:: Task inputs ::

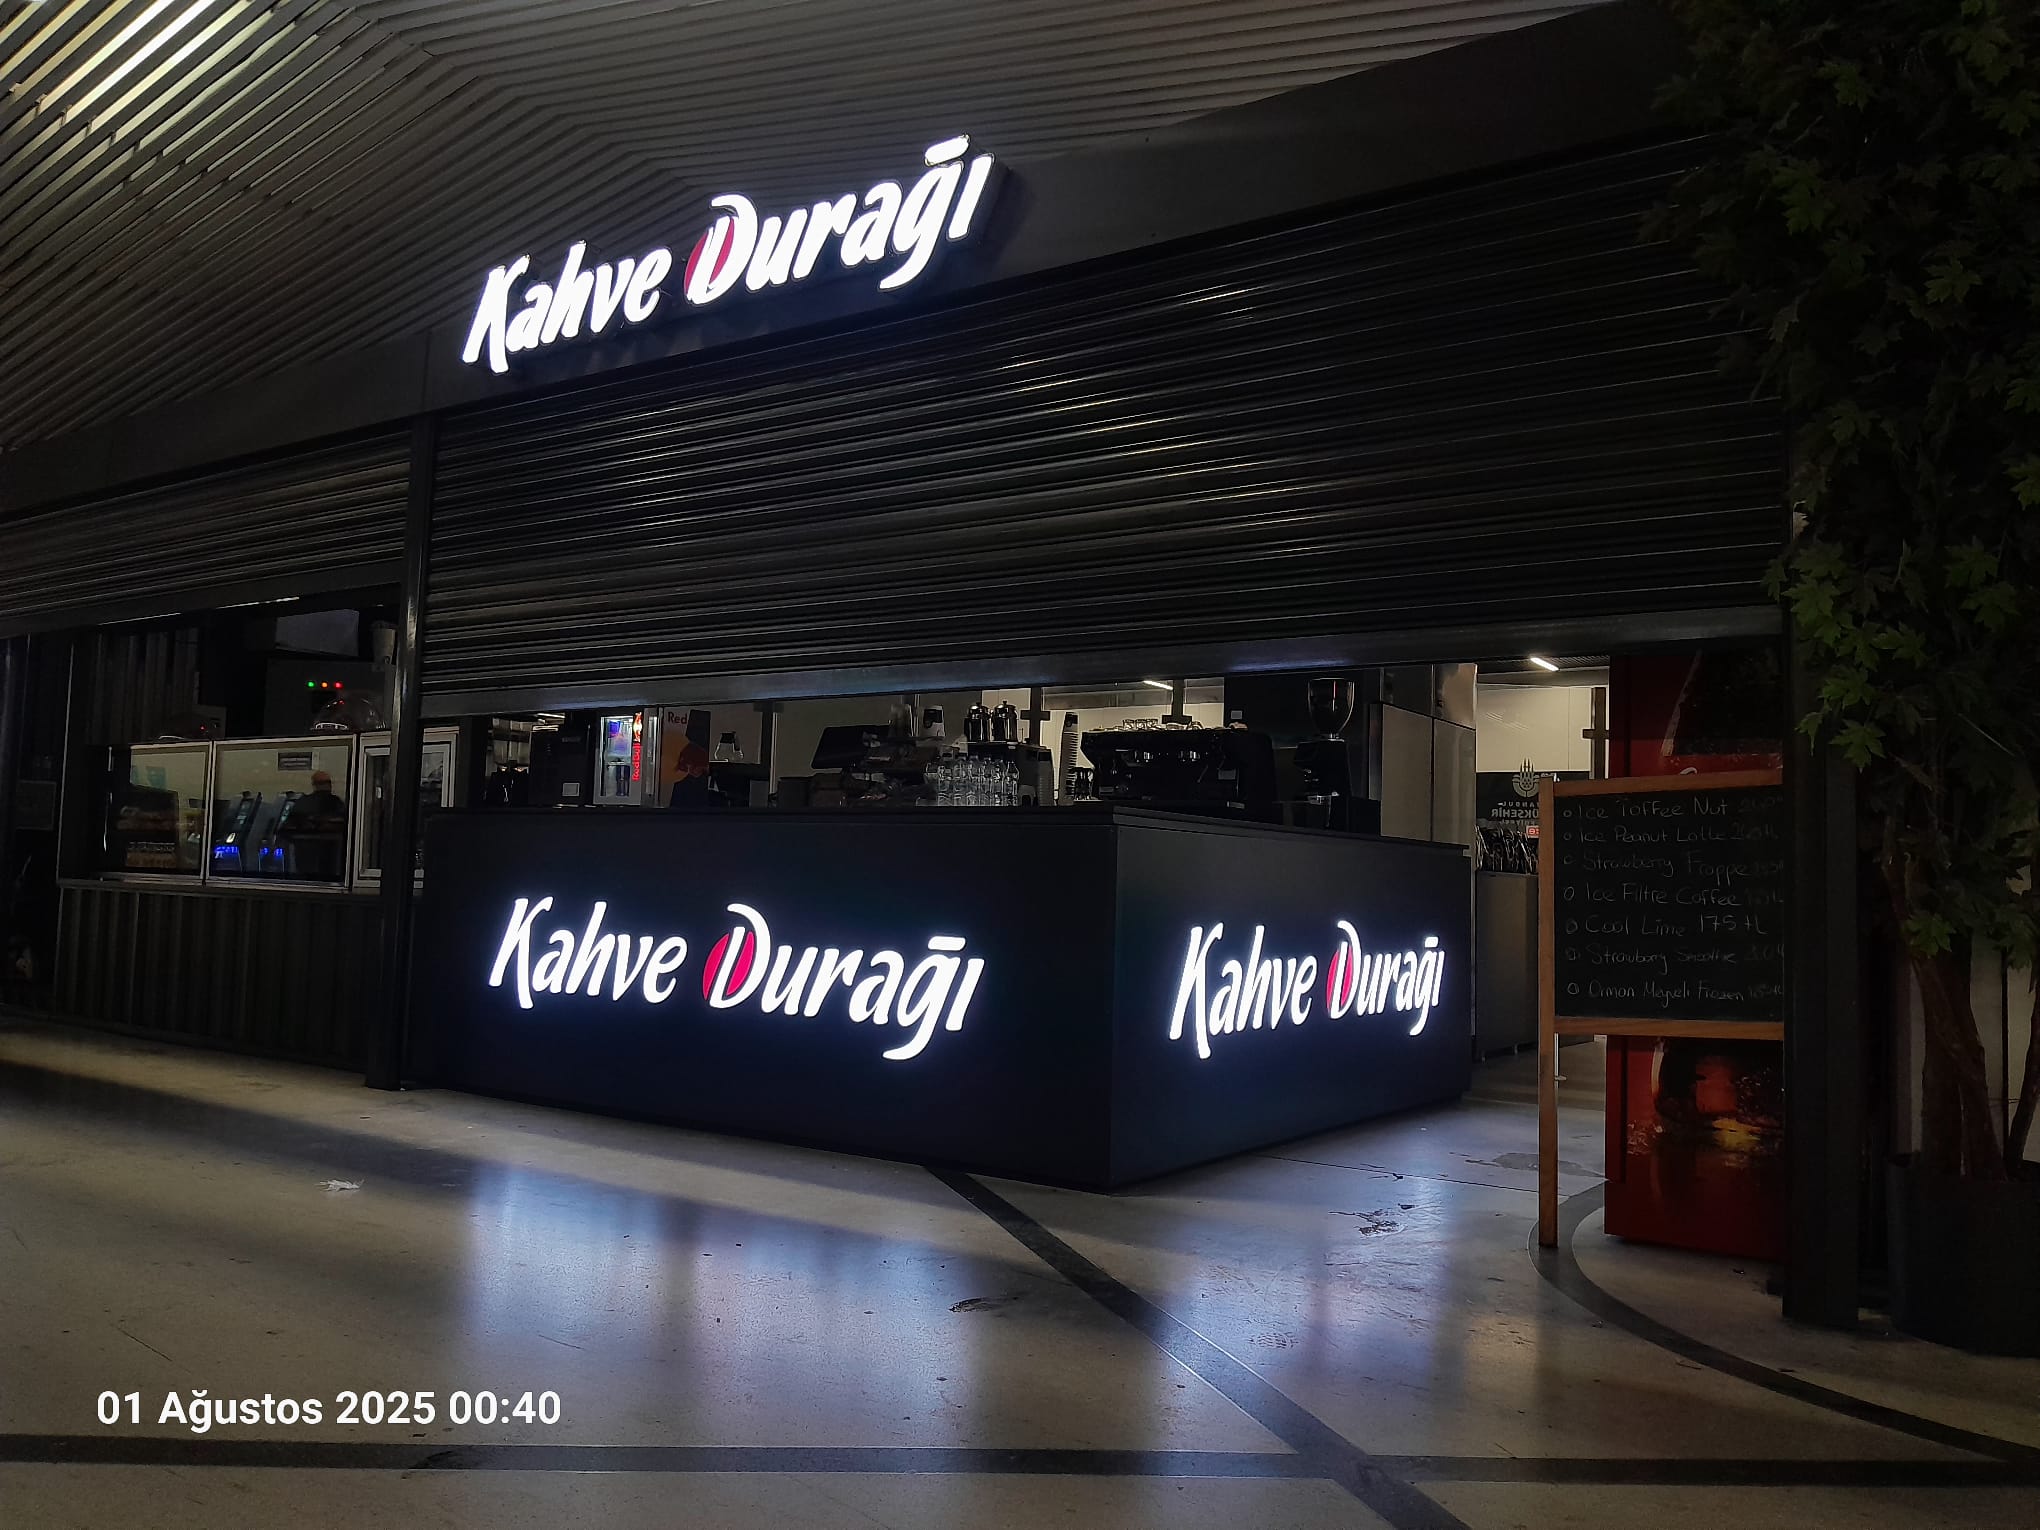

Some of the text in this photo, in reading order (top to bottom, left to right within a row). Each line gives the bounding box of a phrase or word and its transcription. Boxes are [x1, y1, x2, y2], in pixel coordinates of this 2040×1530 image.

[461, 134, 992, 375] Kahve Durağı
[1579, 803, 1608, 819] Ice
[1694, 796, 1729, 817] Nut
[1579, 829, 1607, 844] Ice
[1614, 825, 1669, 843] Peanut
[1587, 883, 1616, 903] Ice
[1622, 882, 1669, 904] Filtre
[1676, 887, 1743, 906] Coffee
[1585, 914, 1630, 936] Cool
[1642, 915, 1687, 936] Lime
[1700, 913, 1737, 934] 175
[487, 896, 985, 1061] Kahve Durağı
[1168, 920, 1445, 1060] Kahve Durağı
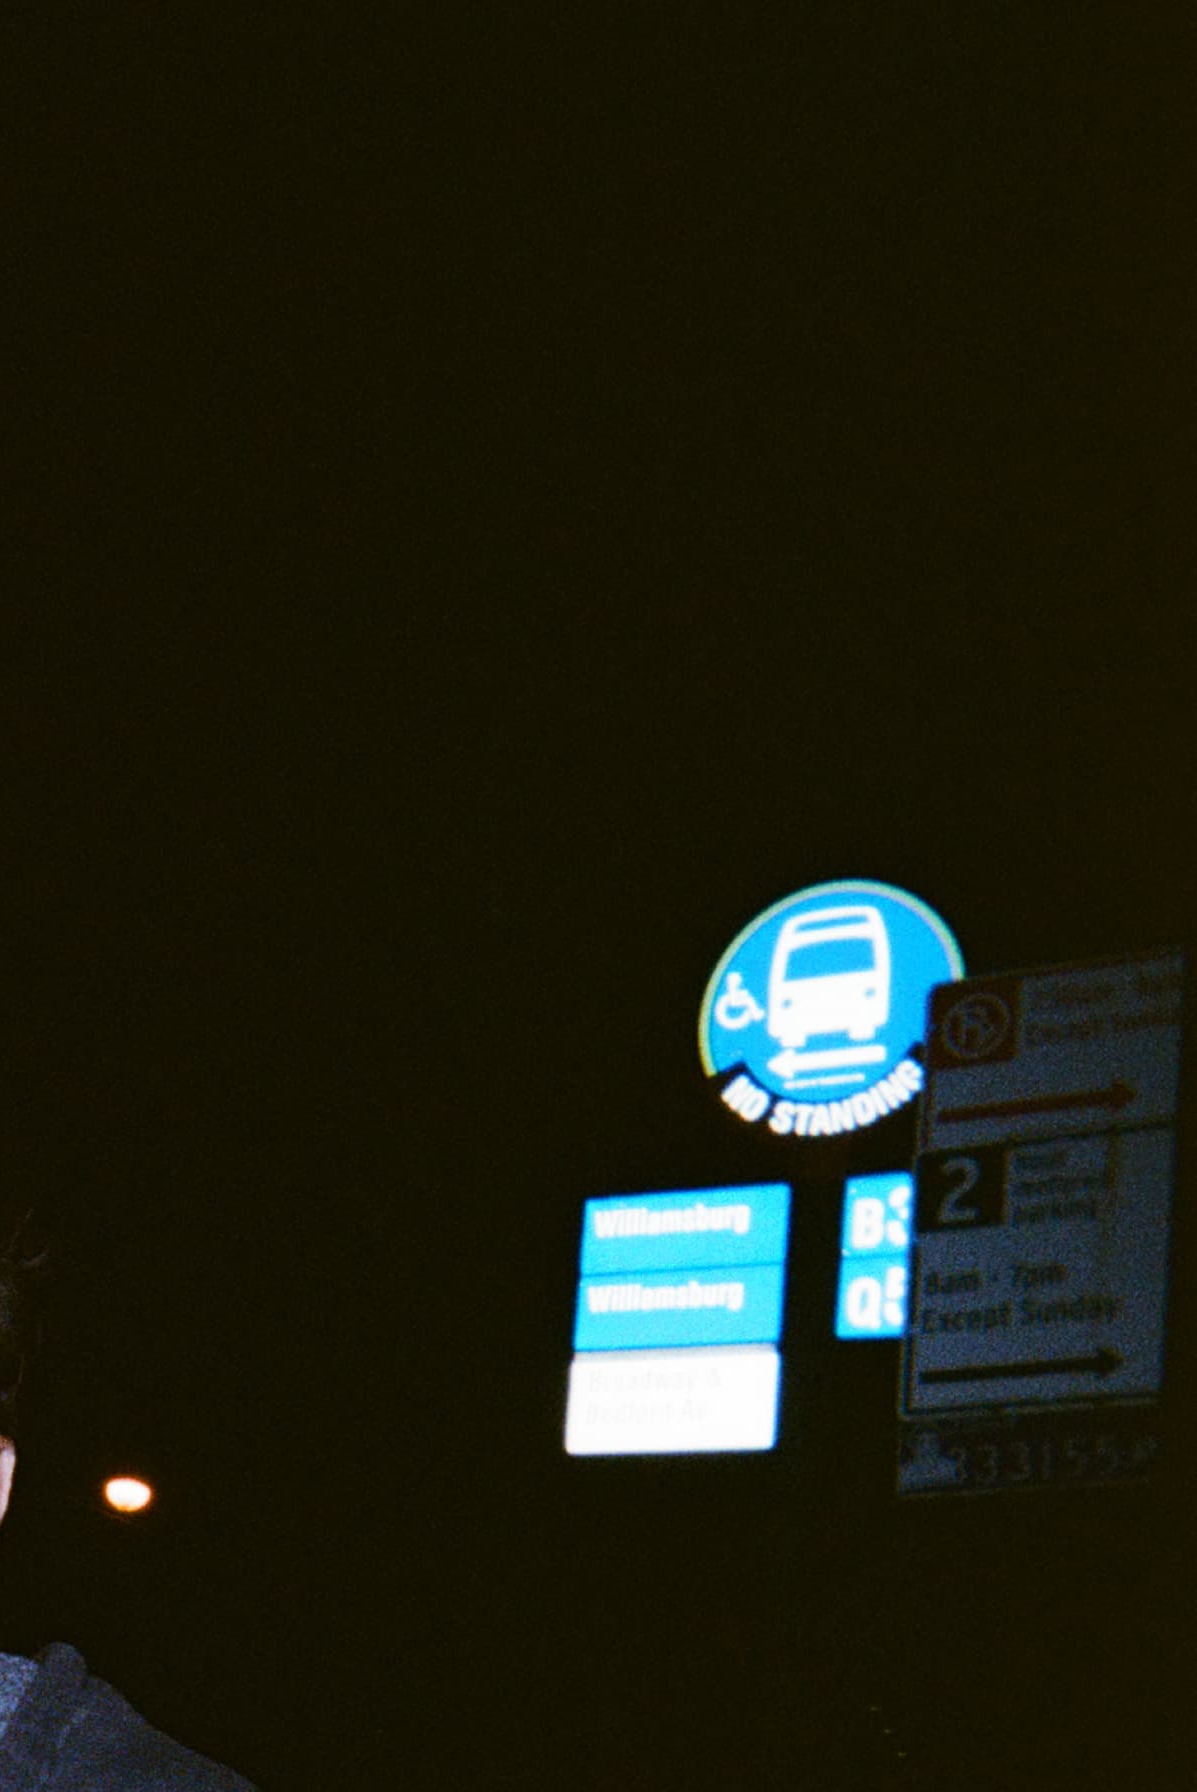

:::

§ Exercise description
The required answer is the material repeated exactly, with no images in it.

§ Solution to this problem
Some of the text in this photo, in reading order (top to bottom, left to right within a row). Each line gives the bounding box of a phrase or word and its transcription. Boxes are [x1, y1, x2, y2], in pixel coordinates of this 2040×1530 image.

[461, 134, 992, 375] Kahve Durağı
[1579, 803, 1608, 819] Ice
[1694, 796, 1729, 817] Nut
[1579, 829, 1607, 844] Ice
[1614, 825, 1669, 843] Peanut
[1587, 883, 1616, 903] Ice
[1622, 882, 1669, 904] Filtre
[1676, 887, 1743, 906] Coffee
[1585, 914, 1630, 936] Cool
[1642, 915, 1687, 936] Lime
[1700, 913, 1737, 934] 175
[487, 896, 985, 1061] Kahve Durağı
[1168, 920, 1445, 1060] Kahve Durağı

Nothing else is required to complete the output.